[Dataset items]

============================================================

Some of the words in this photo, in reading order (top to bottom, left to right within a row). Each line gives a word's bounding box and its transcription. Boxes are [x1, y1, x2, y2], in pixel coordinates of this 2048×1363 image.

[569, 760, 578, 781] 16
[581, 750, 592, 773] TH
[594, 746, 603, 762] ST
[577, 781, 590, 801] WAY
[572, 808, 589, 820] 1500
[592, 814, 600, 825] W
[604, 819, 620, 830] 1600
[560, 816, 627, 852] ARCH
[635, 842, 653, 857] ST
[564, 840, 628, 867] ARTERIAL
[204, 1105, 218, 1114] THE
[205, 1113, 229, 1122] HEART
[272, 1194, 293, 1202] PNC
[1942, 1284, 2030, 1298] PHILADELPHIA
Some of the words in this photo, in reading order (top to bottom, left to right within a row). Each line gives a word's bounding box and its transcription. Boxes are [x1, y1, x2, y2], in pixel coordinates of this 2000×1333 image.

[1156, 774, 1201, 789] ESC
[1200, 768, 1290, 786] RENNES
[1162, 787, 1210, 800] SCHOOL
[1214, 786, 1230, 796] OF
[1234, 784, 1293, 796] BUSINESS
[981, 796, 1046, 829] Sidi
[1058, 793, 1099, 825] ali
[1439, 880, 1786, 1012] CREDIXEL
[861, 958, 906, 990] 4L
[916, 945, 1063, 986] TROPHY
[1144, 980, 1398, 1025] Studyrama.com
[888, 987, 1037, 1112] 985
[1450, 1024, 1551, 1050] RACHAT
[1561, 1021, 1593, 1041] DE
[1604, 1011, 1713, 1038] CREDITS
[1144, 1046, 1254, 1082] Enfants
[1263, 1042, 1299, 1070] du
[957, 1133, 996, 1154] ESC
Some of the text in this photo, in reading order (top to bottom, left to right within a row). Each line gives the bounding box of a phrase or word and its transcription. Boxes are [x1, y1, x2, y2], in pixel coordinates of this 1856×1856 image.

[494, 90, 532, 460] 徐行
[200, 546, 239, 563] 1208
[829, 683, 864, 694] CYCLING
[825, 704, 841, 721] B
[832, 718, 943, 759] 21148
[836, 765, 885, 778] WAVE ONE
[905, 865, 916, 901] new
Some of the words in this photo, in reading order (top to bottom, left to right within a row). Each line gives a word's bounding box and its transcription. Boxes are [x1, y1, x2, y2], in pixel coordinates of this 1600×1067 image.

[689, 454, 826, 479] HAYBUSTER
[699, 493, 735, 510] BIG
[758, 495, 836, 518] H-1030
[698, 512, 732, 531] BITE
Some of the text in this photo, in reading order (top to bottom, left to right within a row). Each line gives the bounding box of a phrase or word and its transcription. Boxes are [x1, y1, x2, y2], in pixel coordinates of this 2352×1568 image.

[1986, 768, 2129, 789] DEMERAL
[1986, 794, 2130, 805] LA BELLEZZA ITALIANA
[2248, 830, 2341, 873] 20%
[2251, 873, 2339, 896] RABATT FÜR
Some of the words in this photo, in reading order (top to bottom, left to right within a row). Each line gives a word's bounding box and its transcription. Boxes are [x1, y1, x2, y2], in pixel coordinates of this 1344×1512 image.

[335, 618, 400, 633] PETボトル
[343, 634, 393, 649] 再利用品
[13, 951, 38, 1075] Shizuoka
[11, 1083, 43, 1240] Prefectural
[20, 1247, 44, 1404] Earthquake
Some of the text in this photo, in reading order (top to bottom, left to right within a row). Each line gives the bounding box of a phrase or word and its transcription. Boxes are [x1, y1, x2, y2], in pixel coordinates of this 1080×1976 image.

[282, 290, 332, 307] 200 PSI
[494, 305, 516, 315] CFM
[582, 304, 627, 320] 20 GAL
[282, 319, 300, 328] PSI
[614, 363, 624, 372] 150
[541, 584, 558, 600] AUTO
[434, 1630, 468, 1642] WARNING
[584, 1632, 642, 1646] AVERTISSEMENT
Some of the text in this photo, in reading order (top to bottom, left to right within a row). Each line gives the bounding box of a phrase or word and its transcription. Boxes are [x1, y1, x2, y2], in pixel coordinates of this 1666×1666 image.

============================================================

• _DIRECTIONS_
The job here is to write out all the entries again exactly.

• _PROBLEM SOLUTION_
Some of the words in this photo, in reading order (top to bottom, left to right within a row). Each line gives a word's bounding box and its transcription. Boxes are [x1, y1, x2, y2], in pixel coordinates of this 2048×1363 image.

[569, 760, 578, 781] 16
[581, 750, 592, 773] TH
[594, 746, 603, 762] ST
[577, 781, 590, 801] WAY
[572, 808, 589, 820] 1500
[592, 814, 600, 825] W
[604, 819, 620, 830] 1600
[560, 816, 627, 852] ARCH
[635, 842, 653, 857] ST
[564, 840, 628, 867] ARTERIAL
[204, 1105, 218, 1114] THE
[205, 1113, 229, 1122] HEART
[272, 1194, 293, 1202] PNC
[1942, 1284, 2030, 1298] PHILADELPHIA
Some of the words in this photo, in reading order (top to bottom, left to right within a row). Each line gives a word's bounding box and its transcription. Boxes are [x1, y1, x2, y2], in pixel coordinates of this 2000×1333 image.

[1156, 774, 1201, 789] ESC
[1200, 768, 1290, 786] RENNES
[1162, 787, 1210, 800] SCHOOL
[1214, 786, 1230, 796] OF
[1234, 784, 1293, 796] BUSINESS
[981, 796, 1046, 829] Sidi
[1058, 793, 1099, 825] ali
[1439, 880, 1786, 1012] CREDIXEL
[861, 958, 906, 990] 4L
[916, 945, 1063, 986] TROPHY
[1144, 980, 1398, 1025] Studyrama.com
[888, 987, 1037, 1112] 985
[1450, 1024, 1551, 1050] RACHAT
[1561, 1021, 1593, 1041] DE
[1604, 1011, 1713, 1038] CREDITS
[1144, 1046, 1254, 1082] Enfants
[1263, 1042, 1299, 1070] du
[957, 1133, 996, 1154] ESC
Some of the text in this photo, in reading order (top to bottom, left to right within a row). Each line gives the bounding box of a phrase or word and its transcription. Boxes are [x1, y1, x2, y2], in pixel coordinates of this 1856×1856 image.

[494, 90, 532, 460] 徐行
[200, 546, 239, 563] 1208
[829, 683, 864, 694] CYCLING
[825, 704, 841, 721] B
[832, 718, 943, 759] 21148
[836, 765, 885, 778] WAVE ONE
[905, 865, 916, 901] new
Some of the words in this photo, in reading order (top to bottom, left to right within a row). Each line gives a word's bounding box and its transcription. Boxes are [x1, y1, x2, y2], in pixel coordinates of this 1600×1067 image.

[689, 454, 826, 479] HAYBUSTER
[699, 493, 735, 510] BIG
[758, 495, 836, 518] H-1030
[698, 512, 732, 531] BITE
Some of the text in this photo, in reading order (top to bottom, left to right within a row). Each line gives the bounding box of a phrase or word and its transcription. Boxes are [x1, y1, x2, y2], in pixel coordinates of this 2352×1568 image.

[1986, 768, 2129, 789] DEMERAL
[1986, 794, 2130, 805] LA BELLEZZA ITALIANA
[2248, 830, 2341, 873] 20%
[2251, 873, 2339, 896] RABATT FÜR
Some of the words in this photo, in reading order (top to bottom, left to right within a row). Each line gives a word's bounding box and its transcription. Boxes are [x1, y1, x2, y2], in pixel coordinates of this 1344×1512 image.

[335, 618, 400, 633] PETボトル
[343, 634, 393, 649] 再利用品
[13, 951, 38, 1075] Shizuoka
[11, 1083, 43, 1240] Prefectural
[20, 1247, 44, 1404] Earthquake
Some of the text in this photo, in reading order (top to bottom, left to right within a row). Each line gives the bounding box of a phrase or word and its transcription. Boxes are [x1, y1, x2, y2], in pixel coordinates of this 1080×1976 image.

[282, 290, 332, 307] 200 PSI
[494, 305, 516, 315] CFM
[582, 304, 627, 320] 20 GAL
[282, 319, 300, 328] PSI
[614, 363, 624, 372] 150
[541, 584, 558, 600] AUTO
[434, 1630, 468, 1642] WARNING
[584, 1632, 642, 1646] AVERTISSEMENT
Some of the text in this photo, in reading order (top to bottom, left to right within a row). Each line gives the bounding box of a phrase or word and its transcription. Boxes are [x1, y1, x2, y2], in pixel coordinates of this 1666×1666 image.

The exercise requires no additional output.